In Jason Bateman’s feature directorial debut, the actor – largely known for playing put-upon and quietly suffering everymen – attempts to rough up his own comparatively cuddly image by creating one of the most caustic, evil, rude jerks he can imagine. And while his Guy Trilby, the lead character of Bad Words, is an unflappably prickish, frustratingly unguent ogre who verbally abuses children, adults, and just about anyone who enters his field of vision, it seems that Bateman is unwilling to go the extra few feet to make his antihero a true monster. Guy Trilby is too relatable, too human – too Jason Bateman – to really arise as a singularly evil comic creation. In short, he’s not nearly as delightfully, subversively toxic as Billy Bob Thornton’s aggressively antisocial Willie from 2003’s Bad Santa.
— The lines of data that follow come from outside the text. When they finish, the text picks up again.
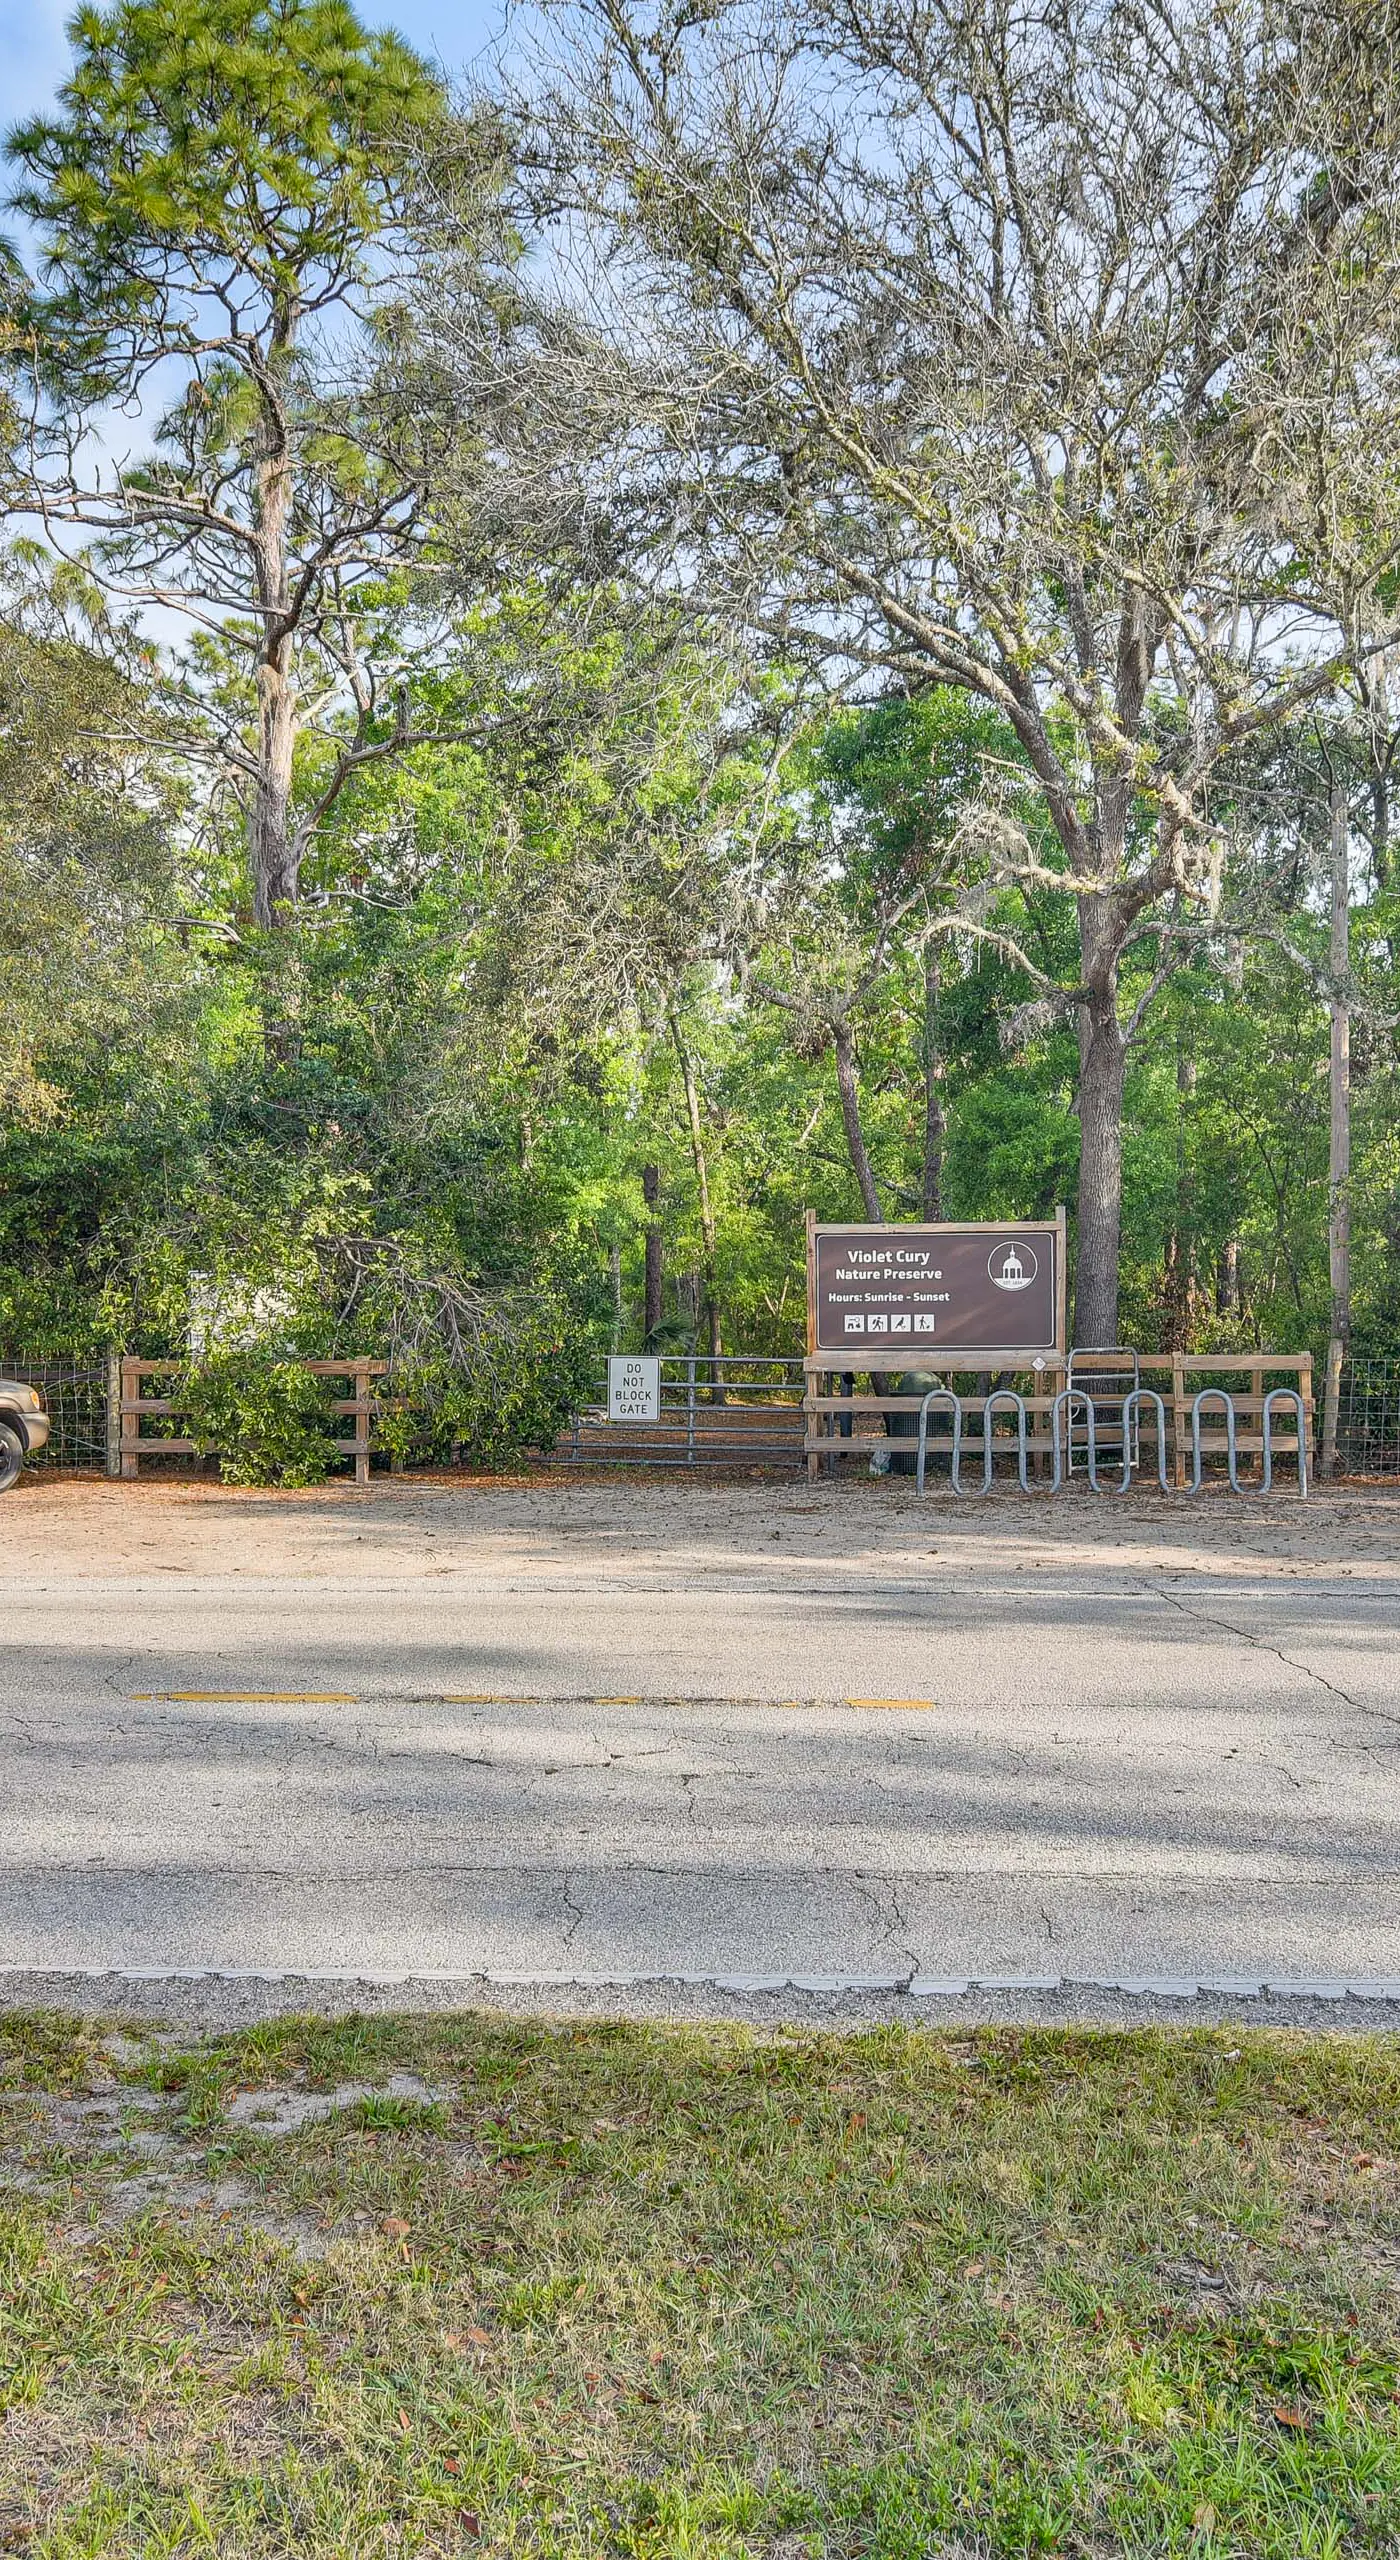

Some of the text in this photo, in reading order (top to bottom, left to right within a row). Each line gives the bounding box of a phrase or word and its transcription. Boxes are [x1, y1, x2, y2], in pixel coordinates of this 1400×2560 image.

[847, 1250, 930, 1266] Violet Cury
[836, 1268, 942, 1280] Nature Preserve
[828, 1292, 862, 1302] Hours:
[864, 1292, 904, 1302] Sunrise
[913, 1292, 950, 1302] Sunset
[627, 1363, 641, 1373] DO
[623, 1377, 644, 1387] NOT
[615, 1391, 652, 1400] BLOCK
[620, 1404, 647, 1414] GATE
Trilby is a 40-year-old man who has been using a complex set of clerical loopholes to repeatedly enter – and effortlessly win – a string of children’s spelling bees. Technically, since he never graduated the 8th grade, he’s within his rights to do so, although he seems to be intentionally attracting the ire of every parent in the room. Along with him on this strange journey, acting as his embarrassed sponsor, is a feisty reporter named Jenny (Kathryn Hahn), eager to find out what the audience is asking: why is he doing this?

 

We do eventually learn why he’s doing this, and also why he’s behaving like the world’s biggest asshat, but not before Trilby’s heart is softened by the friendship of a wide-eyed Indian moppet named Chaitanya (Rohan Chand), an eager-to-please and completely innocent spelling bee competitor who seems to have a few whiffs of bad parenting hanging about him, whiffs that are kind of reversed and forgotten about by the film’s end.
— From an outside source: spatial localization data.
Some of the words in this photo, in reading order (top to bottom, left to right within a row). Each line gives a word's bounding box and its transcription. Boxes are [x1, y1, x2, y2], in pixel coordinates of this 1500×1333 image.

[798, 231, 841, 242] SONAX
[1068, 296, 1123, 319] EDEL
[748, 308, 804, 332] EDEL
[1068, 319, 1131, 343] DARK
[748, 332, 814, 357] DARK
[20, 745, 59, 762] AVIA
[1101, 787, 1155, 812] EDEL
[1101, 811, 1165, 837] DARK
Since Bad Words is predicated on the mystery behind Trilby’s behavior, it kind of deflates one we learn the big “why,” and since the shocking insults (seriously, some of them are pretty over-the-edge) and forcefully evil behavior feel more affected than truly wicked, the film entire takes on a smooth, mellow tone, not sharp and pointy enough to be as subversive as its shooting for.
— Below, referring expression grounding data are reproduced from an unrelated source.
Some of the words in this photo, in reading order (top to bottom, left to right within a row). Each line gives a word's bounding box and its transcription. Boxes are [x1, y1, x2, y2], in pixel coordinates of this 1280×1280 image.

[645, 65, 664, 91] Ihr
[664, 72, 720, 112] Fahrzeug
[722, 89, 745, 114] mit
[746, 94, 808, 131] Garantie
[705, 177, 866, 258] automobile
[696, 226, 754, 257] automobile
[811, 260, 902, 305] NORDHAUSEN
But Bad Words, despite its vague lack of edge, is still strangely disarming. Jason Bateman has, as I have said above, a kind of natural sympathy to him. Even when he’s shoplifting, trolling hookers, cussing, and berating children by claiming to have had affairs with their mothers, Bateman projects a kind of Olympian distance from the proceedings, like he’s in on the joke at which we’re invited to laugh. It’s a careful line to walk: How much do you make your antihero an evil bastard, and how much do you make him sympathetic? Bateman shakily walks the line for most of Bad Words, but ends up falling entirely into the sympathetic pile. There is not that single devastating moment wherein he proves how empty he really is.

 

Bad Words looks terrific. It takes place in the present, but people are dressed in a variety of muted 1970s brown corduroy jackets and equally nostalgia-evocative floral dresses. The photography is likewise muted, and the film feels overall a bit old-fashioned, lived-in, and even comfortable.

So it’s filthy without being entirely too shocking, and moving without ever being groundbreaking. I think at the end of the day, what it accomplishes can be casually admired and enjoyed.